DOI: 10.1002/cam4.71000

Journal: Cancer medicine

Publication Date: 2025-6-18

Authors: Liang J, Li A, Chen J, Cao N, Zhu T, et al.

Key Points

• Let-7b-5p is significantly downregulated in HCC, associated with reduced patient survival (p = 0.04805)
• Overexpression of Let-7b-5p decreased HCC cell proliferation by approximately 80% and increased apoptosis rates
• Targeting IGF1R via Let-7b-5p represents a potential precision medicine approach for HCC treatment

Summary

This comprehensive study investigates the role of microRNA Let-7b-5p in hepatocellular carcinoma (HCC), revealing its potential as a critical tumor suppressor. By systematically analyzing Let-7b-5p expression across HCC tissues and cell lines, researchers demonstrated significant downregulation of this microRNA, which correlates with reduced patient survival rates. Functional experiments demonstrated that Let-7b-5p overexpression substantially inhibits HCC cell proliferation, migration, and promotes apoptosis through targeted suppression of the IGF1R gene and subsequent modulation of the AKT/mTOR signaling pathway.
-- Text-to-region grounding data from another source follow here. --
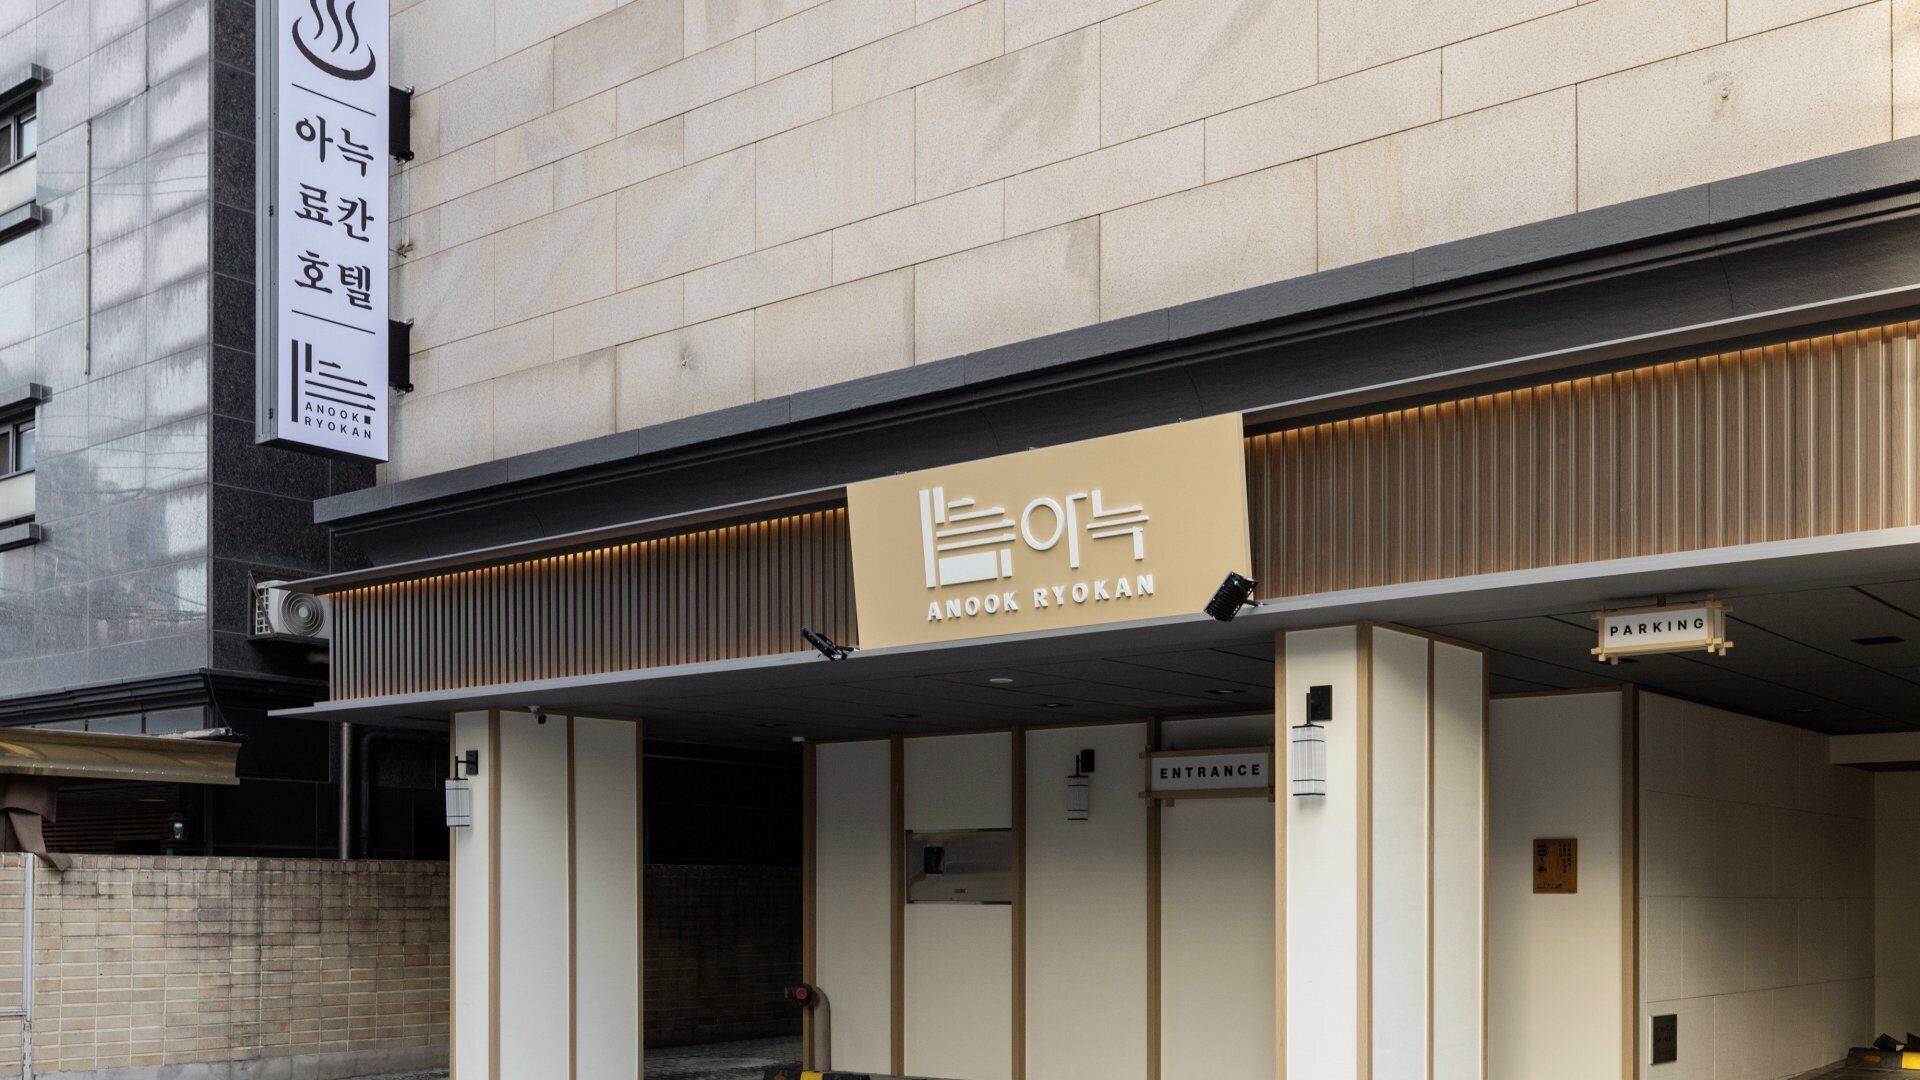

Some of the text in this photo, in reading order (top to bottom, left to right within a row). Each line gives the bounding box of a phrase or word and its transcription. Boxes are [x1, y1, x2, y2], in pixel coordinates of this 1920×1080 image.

[295, 115, 374, 177] 아늑
[294, 182, 374, 242] 료칸
[294, 250, 372, 310] 호텔
[304, 416, 371, 439] RYOKAN
[305, 401, 359, 422] ANOOK
[928, 573, 1155, 621] ANOOK RYOKAN
[1610, 618, 1704, 636] PARKING
[1160, 764, 1260, 779] ENTRANCE
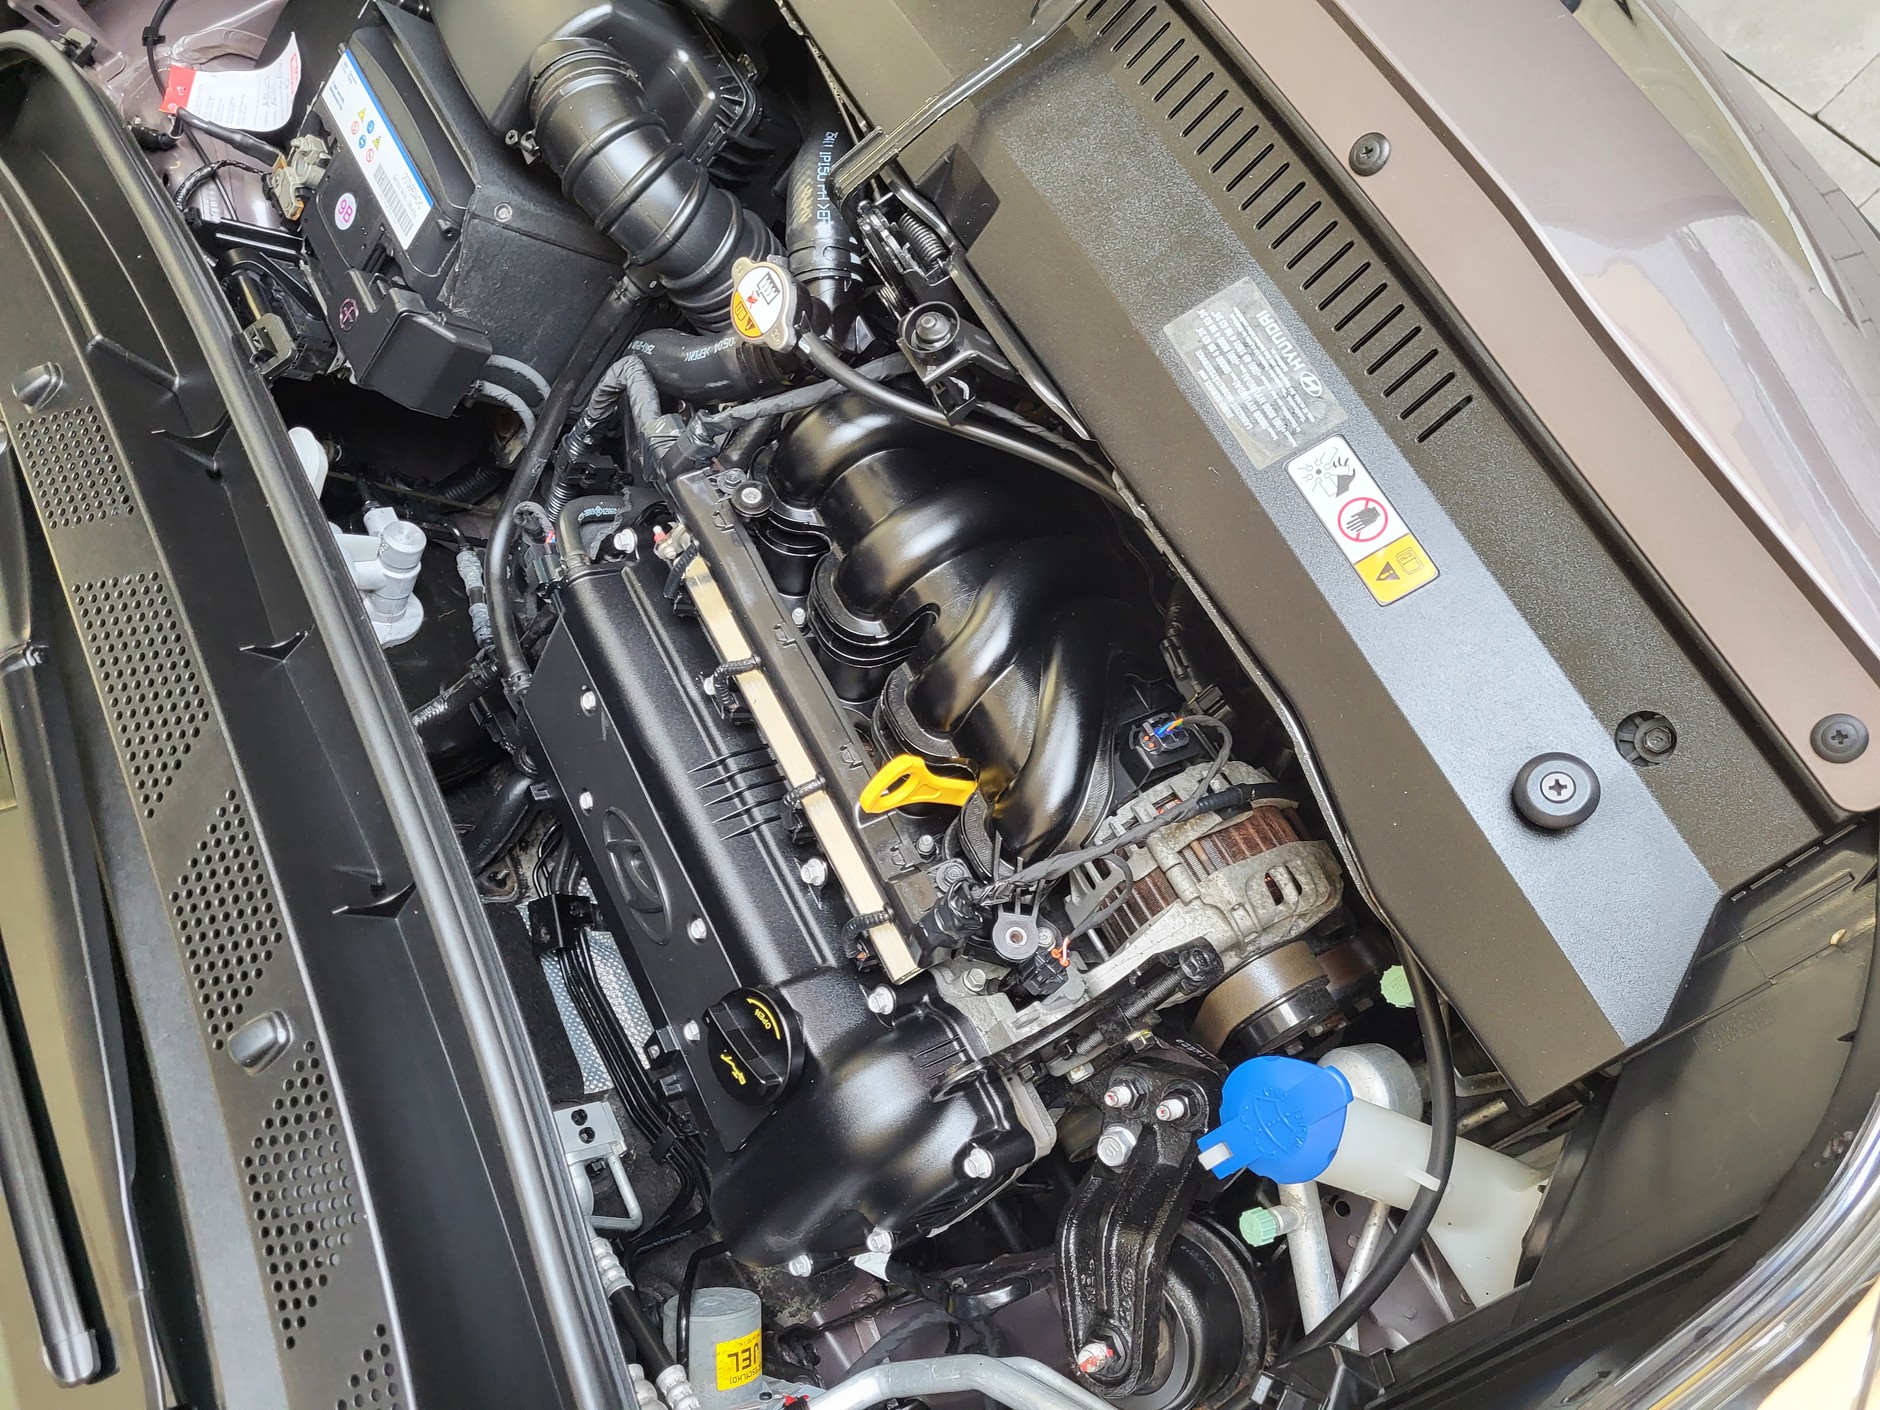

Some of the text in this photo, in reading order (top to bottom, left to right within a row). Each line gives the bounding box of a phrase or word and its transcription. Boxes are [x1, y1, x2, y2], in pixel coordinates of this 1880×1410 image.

[338, 198, 354, 224] 9B
[1255, 308, 1305, 372] HYUNDAI
[1203, 378, 1234, 418] EURO-SERVICE
[1231, 379, 1258, 412] HYUNDAI
[1241, 371, 1267, 404] HYUNDAI
[754, 1008, 772, 1030] OPEN
The mechanistic insights uncovered suggest Let-7b-5p as a promising therapeutic target for HCC management. By directly targeting IGF1R and reducing phosphorylation of key signaling molecules, this microRNA emerges as a potential molecular intervention strategy. The study's findings not only elucidate the complex regulatory mechanisms underlying HCC progression but also provide a foundational framework for developing novel microRNA-based therapeutic approaches that could potentially improve patient outcomes.